The European Union is bailing out Greece. Fearing financial contagion, EU’s policy wizards decided to throw 100 billion euros at Greece, in tandem with demands for austerity.
New spending restrictions are tough enough to elicit the verdict of “savage” from Greece’s public employee unions. But are they “savage” enough?
The euros-to-the-rescue scheme occurred only after collapses of Portuguese and Spanish bonds. As mentioned last Friday, things aren’t good on Europe’s other southern peninsulas, either.
The “Domino Theory” remains a dominant metaphor. Once, we feared countries would fall like dominos to communism. Now, it’s like dominos into insolvency.
But propping up a tipped domino isn’t easy.
Drastic solutions, like expelling the duplicitous Greek nation-state from the EU? Not on the table. The apparent aim of the bailouts? Keep as many of the major players responsible for the fiasco in as good a shape as possible.

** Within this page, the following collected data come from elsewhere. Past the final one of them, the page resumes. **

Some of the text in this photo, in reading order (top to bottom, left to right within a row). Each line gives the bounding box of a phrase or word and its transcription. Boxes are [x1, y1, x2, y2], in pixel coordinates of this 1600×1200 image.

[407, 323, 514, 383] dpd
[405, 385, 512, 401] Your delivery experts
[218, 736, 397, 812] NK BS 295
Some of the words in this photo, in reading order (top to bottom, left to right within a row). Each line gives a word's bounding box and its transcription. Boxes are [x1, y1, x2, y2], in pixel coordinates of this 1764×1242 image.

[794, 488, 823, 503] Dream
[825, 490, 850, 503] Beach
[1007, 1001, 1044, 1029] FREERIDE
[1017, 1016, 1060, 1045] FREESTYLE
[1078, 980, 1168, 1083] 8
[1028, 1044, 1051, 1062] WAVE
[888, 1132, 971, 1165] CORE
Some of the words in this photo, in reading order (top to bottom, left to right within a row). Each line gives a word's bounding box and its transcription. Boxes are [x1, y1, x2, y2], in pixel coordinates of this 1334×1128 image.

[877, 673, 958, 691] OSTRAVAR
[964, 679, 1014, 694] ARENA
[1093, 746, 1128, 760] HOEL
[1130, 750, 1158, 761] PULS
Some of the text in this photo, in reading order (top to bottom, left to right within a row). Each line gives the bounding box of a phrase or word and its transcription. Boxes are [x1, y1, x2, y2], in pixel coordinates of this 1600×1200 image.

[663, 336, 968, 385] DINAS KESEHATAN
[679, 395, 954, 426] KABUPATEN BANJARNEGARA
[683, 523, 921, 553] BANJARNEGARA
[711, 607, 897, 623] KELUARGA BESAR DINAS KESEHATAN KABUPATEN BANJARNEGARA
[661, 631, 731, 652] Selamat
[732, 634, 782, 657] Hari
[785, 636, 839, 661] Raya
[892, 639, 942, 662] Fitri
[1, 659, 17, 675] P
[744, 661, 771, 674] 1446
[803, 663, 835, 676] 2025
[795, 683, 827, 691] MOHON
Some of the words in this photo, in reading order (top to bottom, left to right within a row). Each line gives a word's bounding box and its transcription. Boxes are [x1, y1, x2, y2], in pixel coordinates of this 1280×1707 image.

If, on the other hand, every politician were fired and every contract with unsustainable giveaways to public employee unions were dissolved as part of bankruptcy, might future policy makers be a little more cautious?
Meanwhile, the dominos keep falling. The day after announcing the bailout, the euro plummeted.
My question: What happens when “too big to fail” is applied not to a tiny country like Greece, but to the good ol’ US of A?
What if we’re too big to bail out?
This is Common Sense. I’m Paul Jacob.